**Problem requirements:**
Transcribe the records that follow. Keep every word exactly, and drop the pictures.

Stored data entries
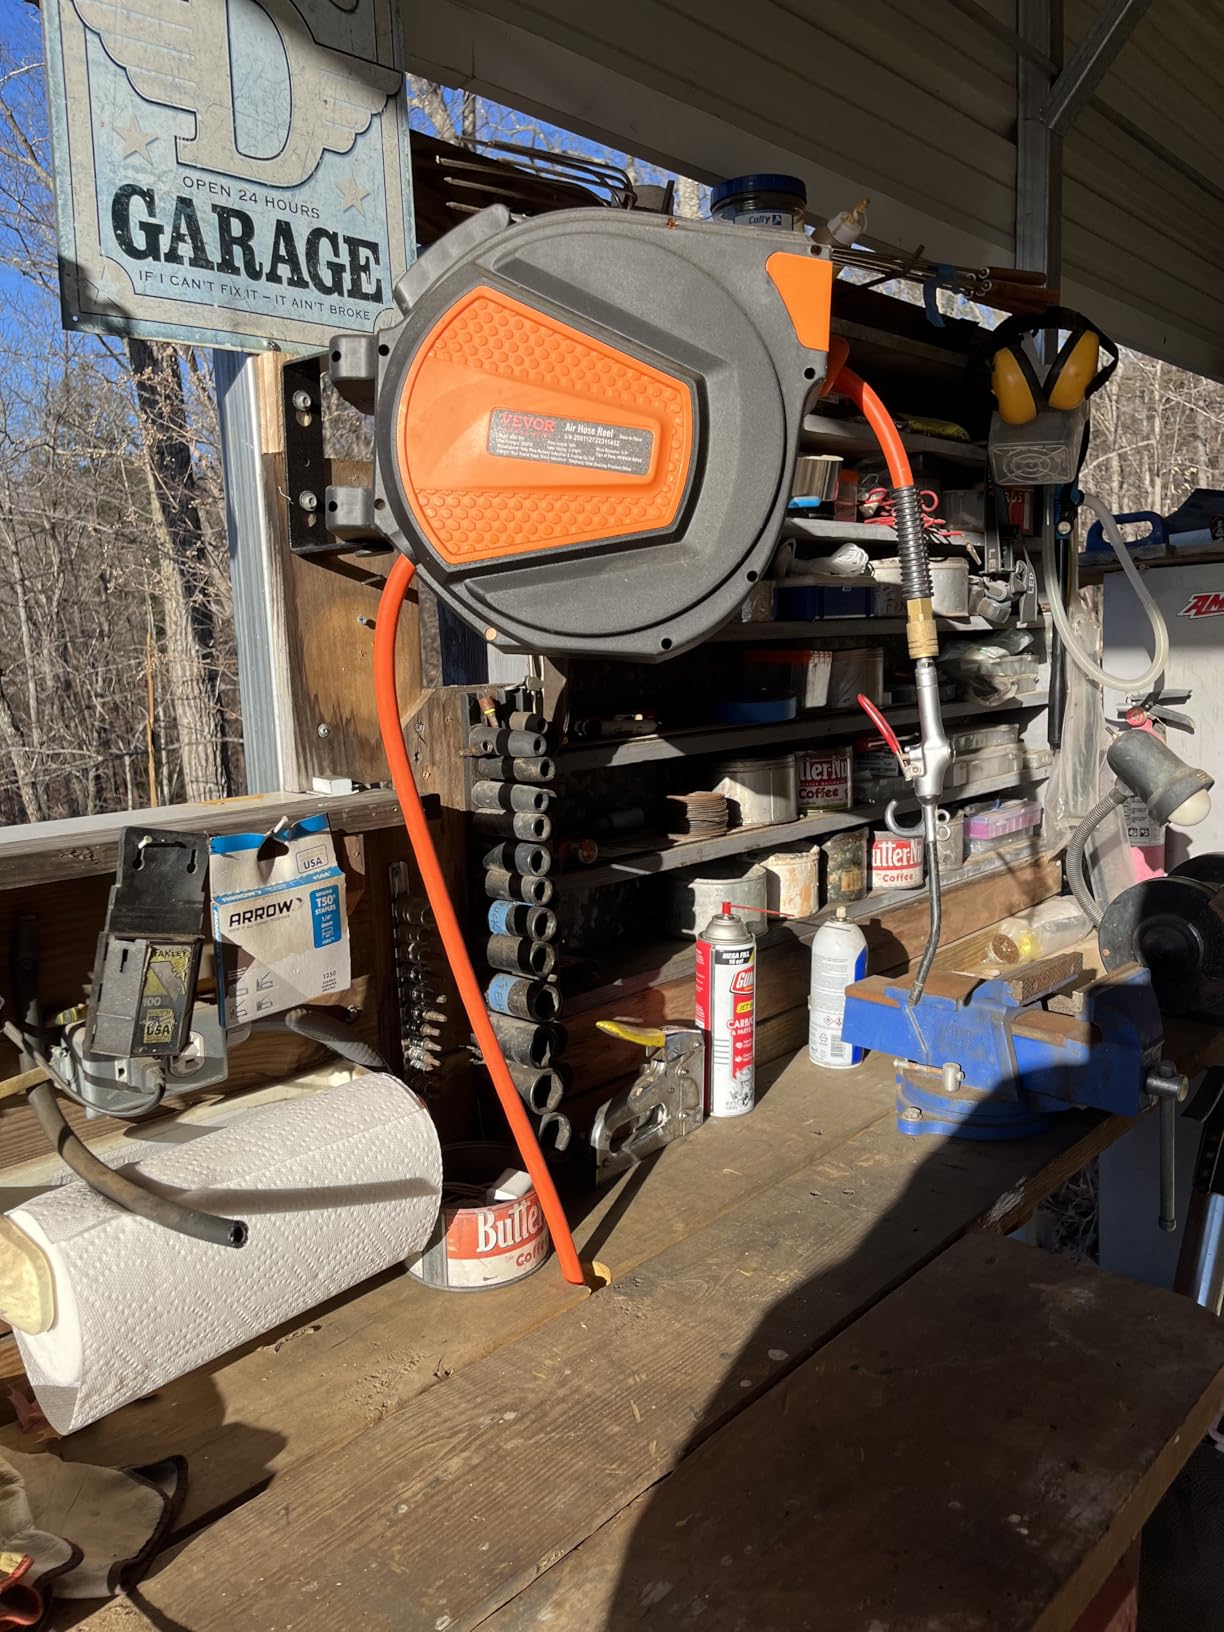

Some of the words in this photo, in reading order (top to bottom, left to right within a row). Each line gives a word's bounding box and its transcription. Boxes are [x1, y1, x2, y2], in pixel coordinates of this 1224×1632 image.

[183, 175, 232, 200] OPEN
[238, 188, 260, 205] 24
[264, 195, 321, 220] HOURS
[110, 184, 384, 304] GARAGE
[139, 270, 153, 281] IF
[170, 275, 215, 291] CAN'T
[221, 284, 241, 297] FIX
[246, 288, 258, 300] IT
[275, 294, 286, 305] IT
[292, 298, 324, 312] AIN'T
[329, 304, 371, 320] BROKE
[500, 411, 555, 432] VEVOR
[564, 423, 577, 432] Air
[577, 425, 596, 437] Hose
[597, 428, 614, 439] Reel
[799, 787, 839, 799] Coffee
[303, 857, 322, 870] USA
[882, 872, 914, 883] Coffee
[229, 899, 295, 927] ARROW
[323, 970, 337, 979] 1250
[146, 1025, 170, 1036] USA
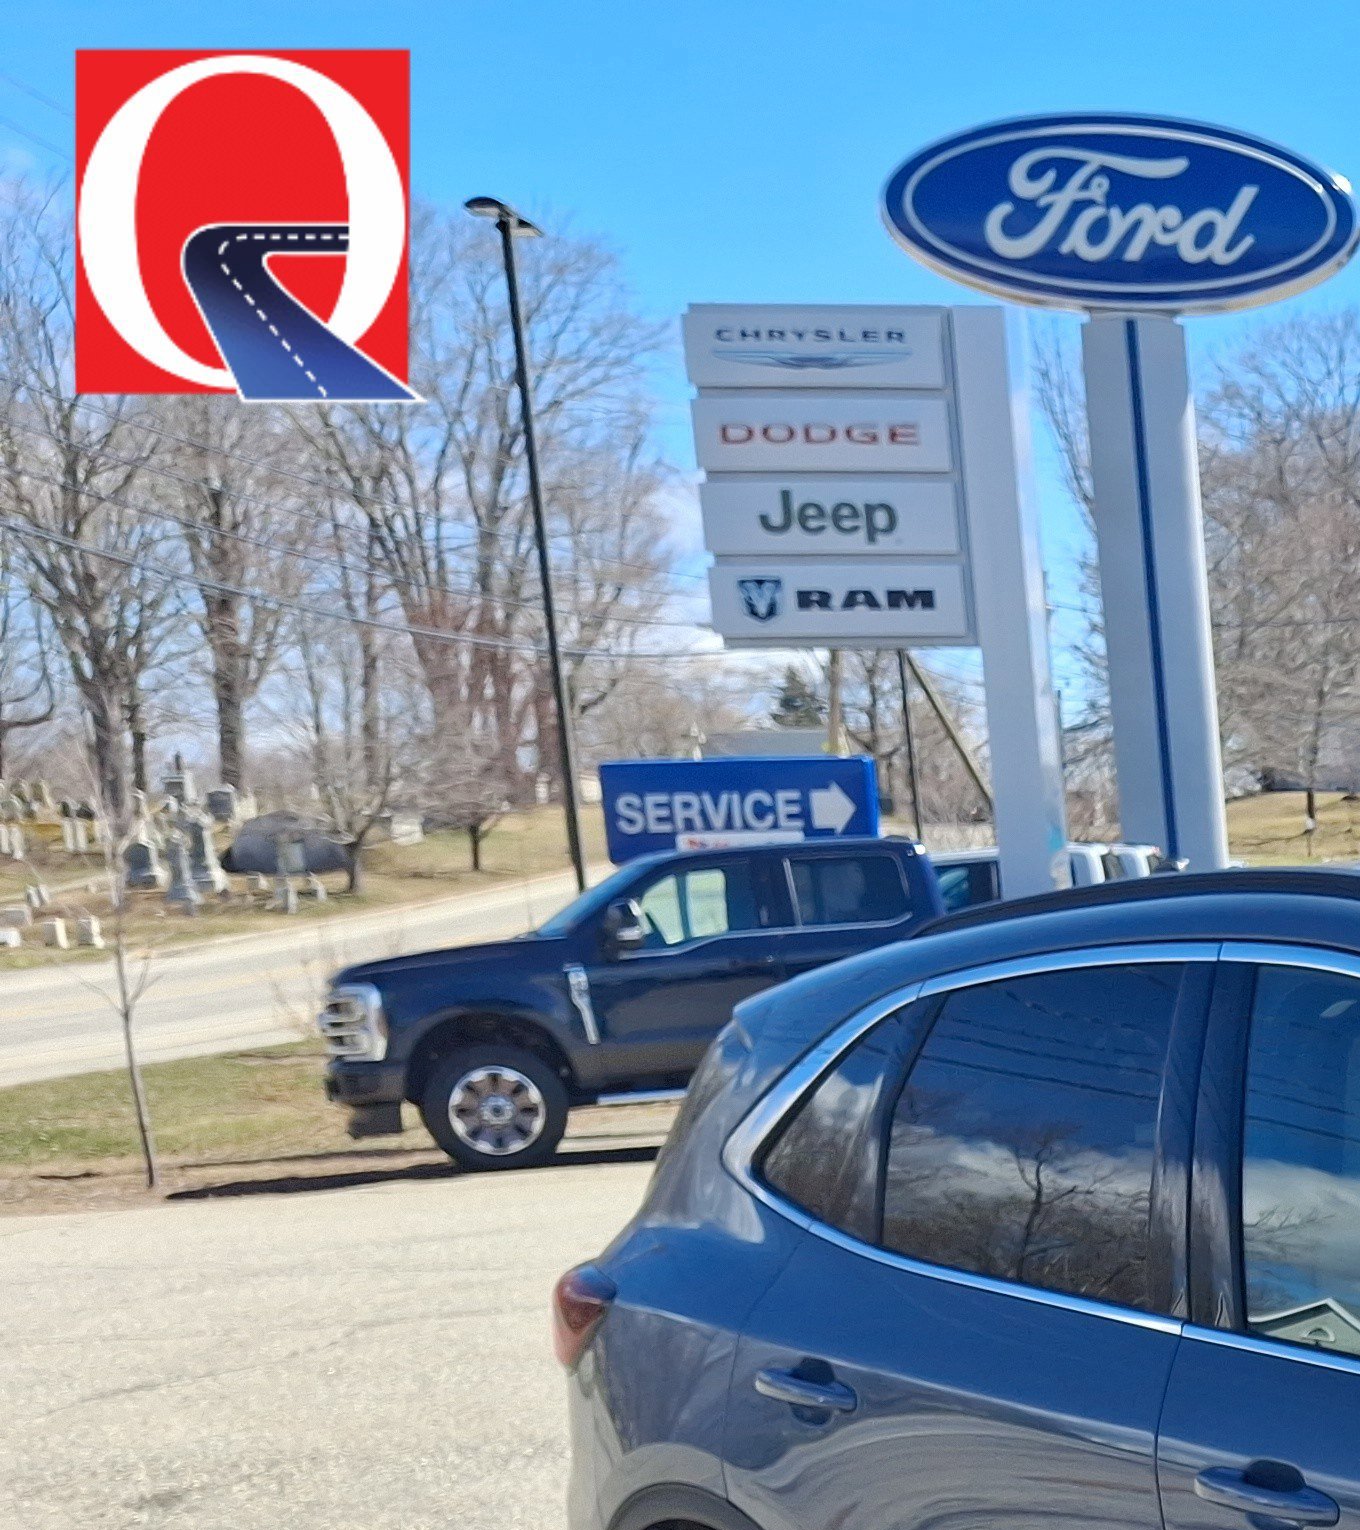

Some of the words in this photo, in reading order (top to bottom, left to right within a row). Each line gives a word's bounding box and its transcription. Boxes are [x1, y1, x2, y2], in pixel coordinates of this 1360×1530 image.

**Response area:**
Some of the words in this photo, in reading order (top to bottom, left to right within a row). Each line gives a word's bounding box and its transcription. Boxes are [x1, y1, x2, y2], in pixel coordinates of this 1224×1632 image.

[183, 175, 232, 200] OPEN
[238, 188, 260, 205] 24
[264, 195, 321, 220] HOURS
[110, 184, 384, 304] GARAGE
[139, 270, 153, 281] IF
[170, 275, 215, 291] CAN'T
[221, 284, 241, 297] FIX
[246, 288, 258, 300] IT
[275, 294, 286, 305] IT
[292, 298, 324, 312] AIN'T
[329, 304, 371, 320] BROKE
[500, 411, 555, 432] VEVOR
[564, 423, 577, 432] Air
[577, 425, 596, 437] Hose
[597, 428, 614, 439] Reel
[799, 787, 839, 799] Coffee
[303, 857, 322, 870] USA
[882, 872, 914, 883] Coffee
[229, 899, 295, 927] ARROW
[323, 970, 337, 979] 1250
[146, 1025, 170, 1036] USA

Some of the words in this photo, in reading order (top to bottom, left to right within a row). Each line gives a word's bounding box and its transcription. Boxes are [x1, y1, x2, y2], in pixel coordinates of this 1360×1530 image.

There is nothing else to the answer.